Why does Windows Vista give me so many security warnings?

A friend bought a new laptop that runs the Windows Vista operating system.

She told me she loved the experience and the convenience of all the new features, but she also grumbled about how many security warnings she received:

“It’s like it won’t let me do anything without first asking me if I really want to do it.”

Security is about making choices. Online criminals get more sophisticated every day, and even those of us who are technically savvy can benefit from continuing to ask ourselves:

Do I really want to click that link? Visit that Web site? Enter my personal information into that pop-up window?

Windows Vista is designed to give you control of the answers to those questions and to give you the resources to help keep your computer, your personal information, and your family safer.

Security is about making choices, for software developers, too: Create an operating system that is too secure and you might have trouble doing what you want to do.  Make features easier to use and your computer might be exposed to more attacks.  Finding the right balance is just not easy. 

In January Jim Allchin, (now retired) former Co-President, Platforms & Services Division, wrote an excellent and insightful blog entry on some of the trade-offs that the Windows Vista team made in order to balance security and convenience in the newest Windows operating system.

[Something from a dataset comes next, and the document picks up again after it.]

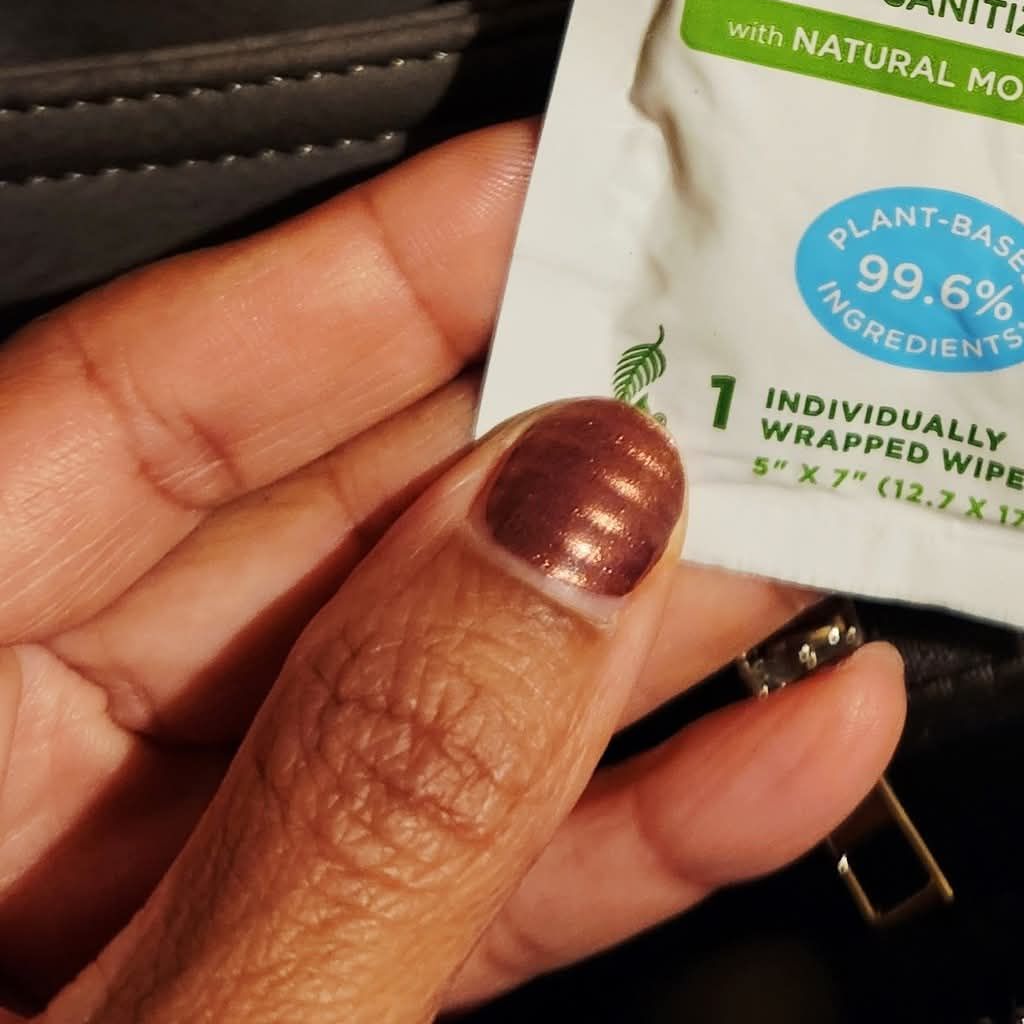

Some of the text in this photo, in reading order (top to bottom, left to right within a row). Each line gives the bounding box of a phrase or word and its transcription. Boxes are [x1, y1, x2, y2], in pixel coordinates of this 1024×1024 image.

If you’re wondering why you have to read so many security warnings, it might be worth a look. Read the Windows Vista team blog: Security vs. Convenience.

About the Author
Eve Blakemore

Group Manager, Trustworthy Computing

Eve Blakemore is a Group Manager for Trustworthy Computing who delivers consumer guidance around the latest trends in security and privacy. Eve joined Microsoft in 1998 and has worked in corporate and field roles with Microsoft Learning, US Public Sector, Read more »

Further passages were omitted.